Quisiera regalarte flores que te mostrarán toda la extensión de mi cariño, pero, por encima de todo, vengo a agradecerte el diluvio de los pétalos de Amor con los que me alentaste la Vida.
Desearía ofrecerte los diamantes más hermosos del mundo en significado de gratitud, pero eso no compensaría todo lo que te hice sufrir, pienso en el tesoro de lágrimas que mi rebeldía te costó y debo alegrarme con el privilegio de mirarte simplemente.
Sé ahora cuanto te dolieron mis deseos de libertad. Escuché consejos que me indujeron a la independencia y creí, un día, que la desvinculación tenía por base romper con todas las fuerzas que me estructuraron la existencia. Y porque nadie me quiso tanto como tú me quieres, concentre en ti mis impulsos de agresividad inconsciente.

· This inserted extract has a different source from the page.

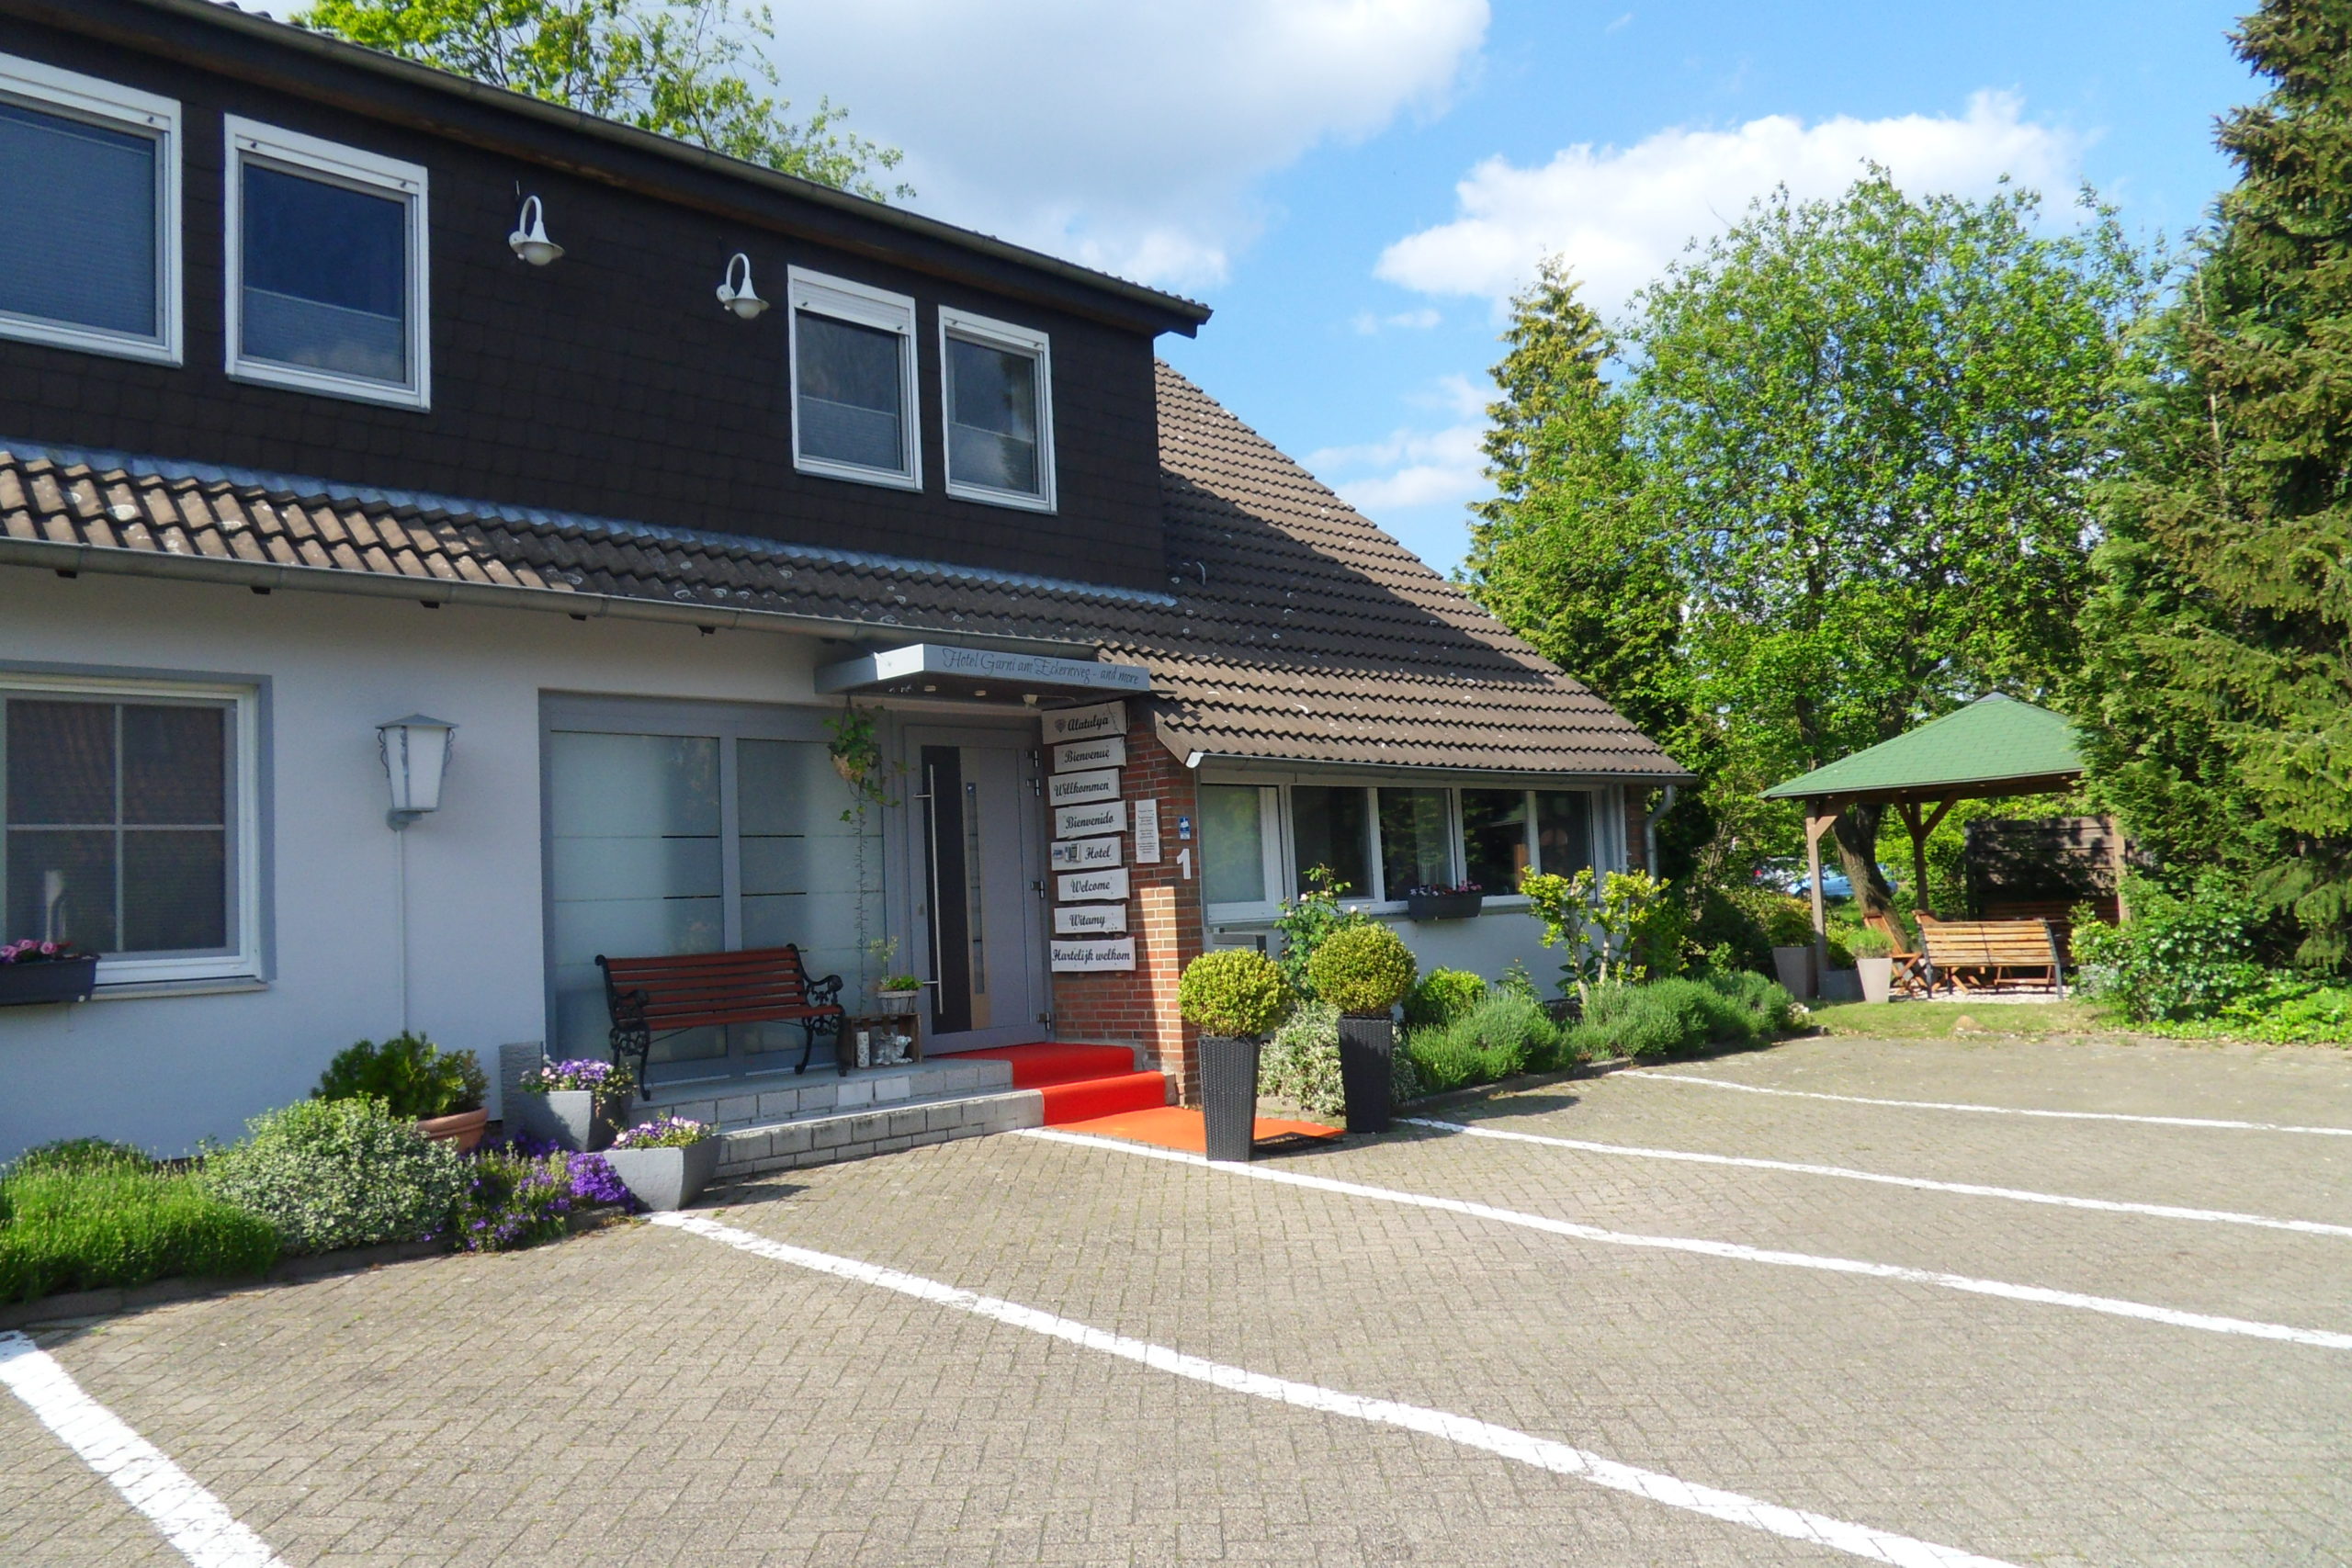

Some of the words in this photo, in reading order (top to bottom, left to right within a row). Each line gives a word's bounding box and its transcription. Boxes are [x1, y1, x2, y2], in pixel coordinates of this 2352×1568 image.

Me oíste en silencio y, mientras mis frases te afligían, rogabas a Dios que me protegiera, frente a los nuevos caminos mientras yo crecía haciéndome mujer.
Me olvidé de que era necesario amarme casi hasta la locura para soportarme por tanto tiempo. "El mundo por donde caminé, me enseñó a percibir cuánto me amas". Feliz día para ti madre mía y para todas las madres del mundo.